Write out the data again in full, keeping every character the same.

Exercise data -
'''

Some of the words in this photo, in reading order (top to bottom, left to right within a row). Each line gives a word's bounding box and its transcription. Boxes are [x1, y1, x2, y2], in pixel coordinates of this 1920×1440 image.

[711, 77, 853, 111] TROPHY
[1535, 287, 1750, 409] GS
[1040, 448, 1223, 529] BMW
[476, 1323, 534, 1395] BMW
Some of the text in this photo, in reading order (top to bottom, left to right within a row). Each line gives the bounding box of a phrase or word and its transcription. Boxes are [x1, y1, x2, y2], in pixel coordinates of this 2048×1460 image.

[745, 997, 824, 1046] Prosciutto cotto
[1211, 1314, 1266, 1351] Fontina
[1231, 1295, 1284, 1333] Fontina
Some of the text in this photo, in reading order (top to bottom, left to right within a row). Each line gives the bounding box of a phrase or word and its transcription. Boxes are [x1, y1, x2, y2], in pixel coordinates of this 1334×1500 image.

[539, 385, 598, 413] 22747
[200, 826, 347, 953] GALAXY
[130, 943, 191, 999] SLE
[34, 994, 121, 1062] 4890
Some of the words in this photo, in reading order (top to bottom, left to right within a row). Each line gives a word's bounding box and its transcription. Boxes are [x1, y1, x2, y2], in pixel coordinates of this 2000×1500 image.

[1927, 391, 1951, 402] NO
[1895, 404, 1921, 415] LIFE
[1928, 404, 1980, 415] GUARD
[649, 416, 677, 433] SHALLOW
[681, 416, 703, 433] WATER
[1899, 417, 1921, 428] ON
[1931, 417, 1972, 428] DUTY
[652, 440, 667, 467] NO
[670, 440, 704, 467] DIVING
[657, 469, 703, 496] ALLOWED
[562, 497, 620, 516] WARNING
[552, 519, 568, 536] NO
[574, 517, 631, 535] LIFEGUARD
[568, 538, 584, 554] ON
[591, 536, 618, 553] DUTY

'''

Solved problem -
Some of the words in this photo, in reading order (top to bottom, left to right within a row). Each line gives a word's bounding box and its transcription. Boxes are [x1, y1, x2, y2], in pixel coordinates of this 1920×1440 image.

[711, 77, 853, 111] TROPHY
[1535, 287, 1750, 409] GS
[1040, 448, 1223, 529] BMW
[476, 1323, 534, 1395] BMW
Some of the text in this photo, in reading order (top to bottom, left to right within a row). Each line gives the bounding box of a phrase or word and its transcription. Boxes are [x1, y1, x2, y2], in pixel coordinates of this 2048×1460 image.

[745, 997, 824, 1046] Prosciutto cotto
[1211, 1314, 1266, 1351] Fontina
[1231, 1295, 1284, 1333] Fontina
Some of the text in this photo, in reading order (top to bottom, left to right within a row). Each line gives the bounding box of a phrase or word and its transcription. Boxes are [x1, y1, x2, y2], in pixel coordinates of this 1334×1500 image.

[539, 385, 598, 413] 22747
[200, 826, 347, 953] GALAXY
[130, 943, 191, 999] SLE
[34, 994, 121, 1062] 4890
Some of the words in this photo, in reading order (top to bottom, left to right within a row). Each line gives a word's bounding box and its transcription. Boxes are [x1, y1, x2, y2], in pixel coordinates of this 2000×1500 image.

[1927, 391, 1951, 402] NO
[1895, 404, 1921, 415] LIFE
[1928, 404, 1980, 415] GUARD
[649, 416, 677, 433] SHALLOW
[681, 416, 703, 433] WATER
[1899, 417, 1921, 428] ON
[1931, 417, 1972, 428] DUTY
[652, 440, 667, 467] NO
[670, 440, 704, 467] DIVING
[657, 469, 703, 496] ALLOWED
[562, 497, 620, 516] WARNING
[552, 519, 568, 536] NO
[574, 517, 631, 535] LIFEGUARD
[568, 538, 584, 554] ON
[591, 536, 618, 553] DUTY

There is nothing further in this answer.